While he consumed a stale Poptart he leaned against the sink and glanced through the living room at the wretchedness he’d called home for the last month. The mattress, the television, and that disgusting couch comprised the furnishings of his trailer. You could only sit on the left end of the couch where the springs still held weight. And if you smacked the brown cushions on a clear day, you could watch them emit a mushrooming cloud of dust into the sunbeams from their inexhaustible store.

He’d been doing most of his writing in the village at Bill’s diner, sitting in a booth near the window, drinking obscene amounts of coffee. In the last two weeks he’d written the first three chapters of his book on lined college rule notebook paper. They chronicled his first encounter with Andrew Thomas at the bookstore in Anchorage, his journey to the Yukon, and his sneaking into Andrew’s cabin. He kept the purple notebook with him at all times during the day and stored it in the freezer while he slept so that if the trailer caught fire his manuscript might have a chance.
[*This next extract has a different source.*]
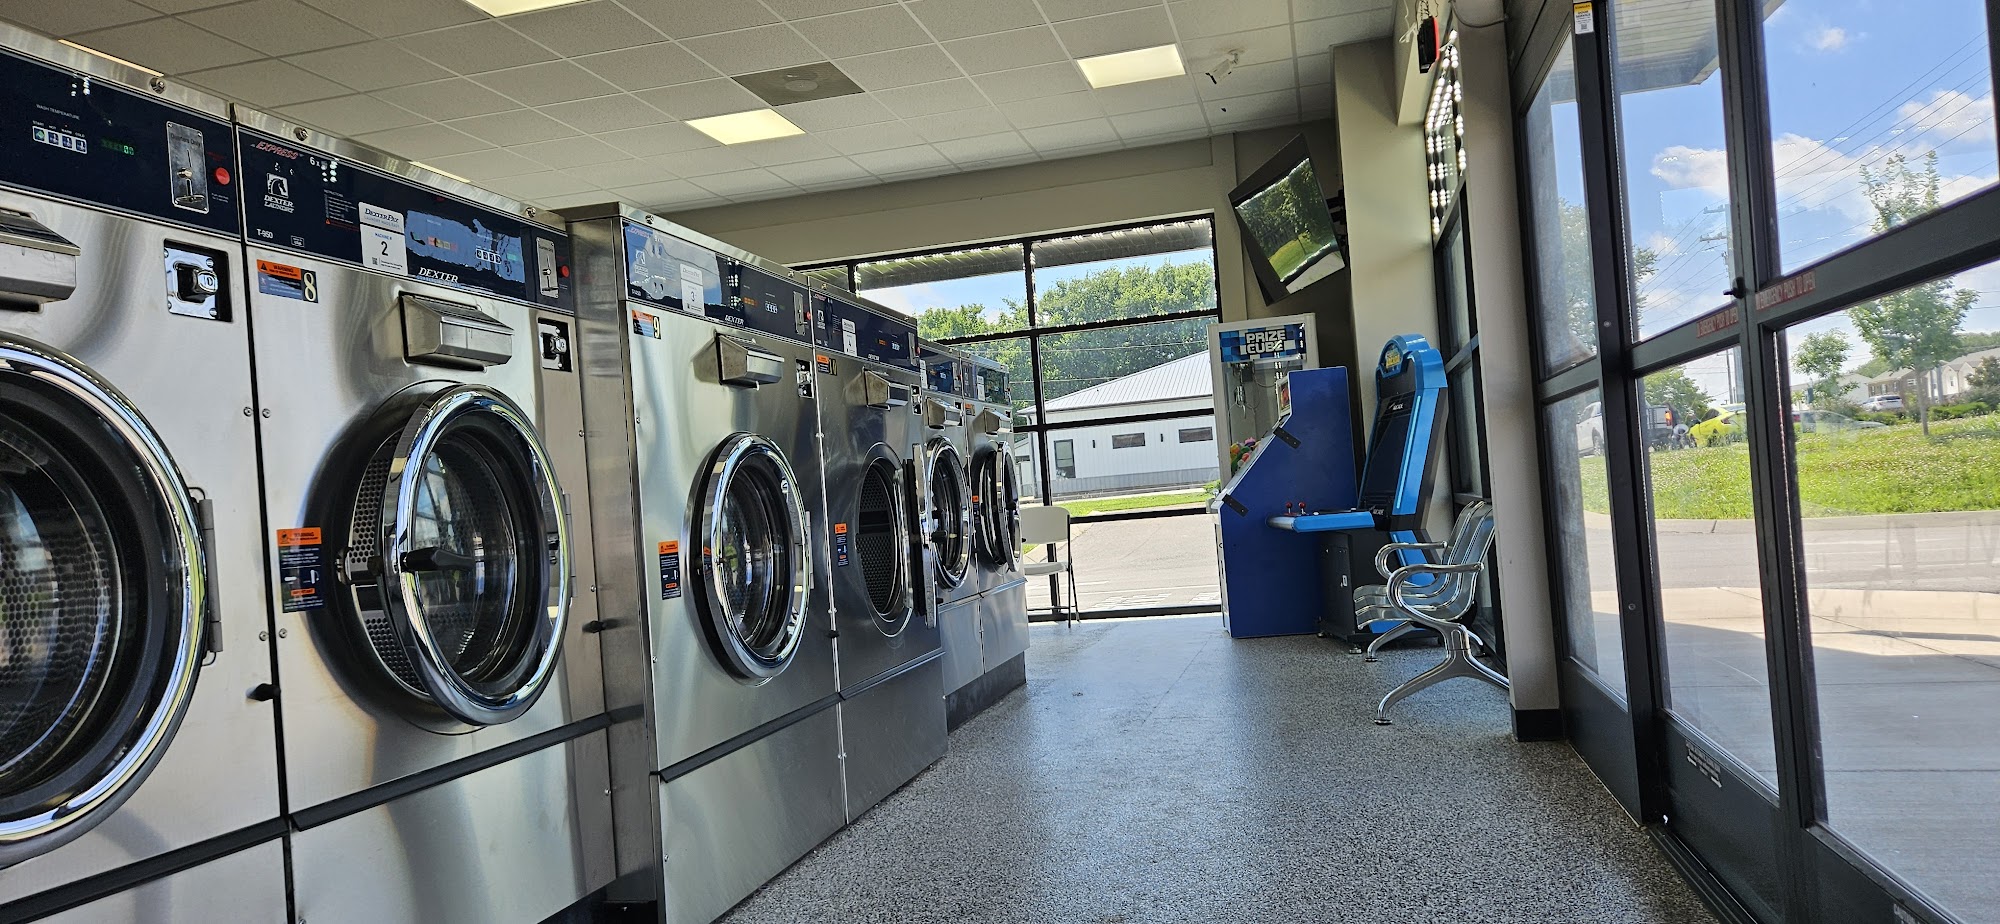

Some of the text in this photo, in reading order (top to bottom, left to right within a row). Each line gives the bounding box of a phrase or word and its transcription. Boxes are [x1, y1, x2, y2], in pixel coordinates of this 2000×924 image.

On October 30, the seventh anniversary of my mother’s death, I discovered that my life in Haines Junction, a life I loved madly, was over.

Just before noon I was sitting in the computer lab of the public library reading an emotional Live Journal entry from an internet friend I knew only as Tammy M. Midway through a hefty paragraph in which she analyzed her incapacity for shallow social interaction, the Champagne woman sitting at the computer beside me turned to her husband and said, “Look at that, Ralph. Andrew Thomas is back.”

Adrenaline shot through me, I felt the bloodheat color my face, but when I glanced over at the couple I saw the woman pointing to a news headline on her monitor. Feeling my gaze, she looked at me.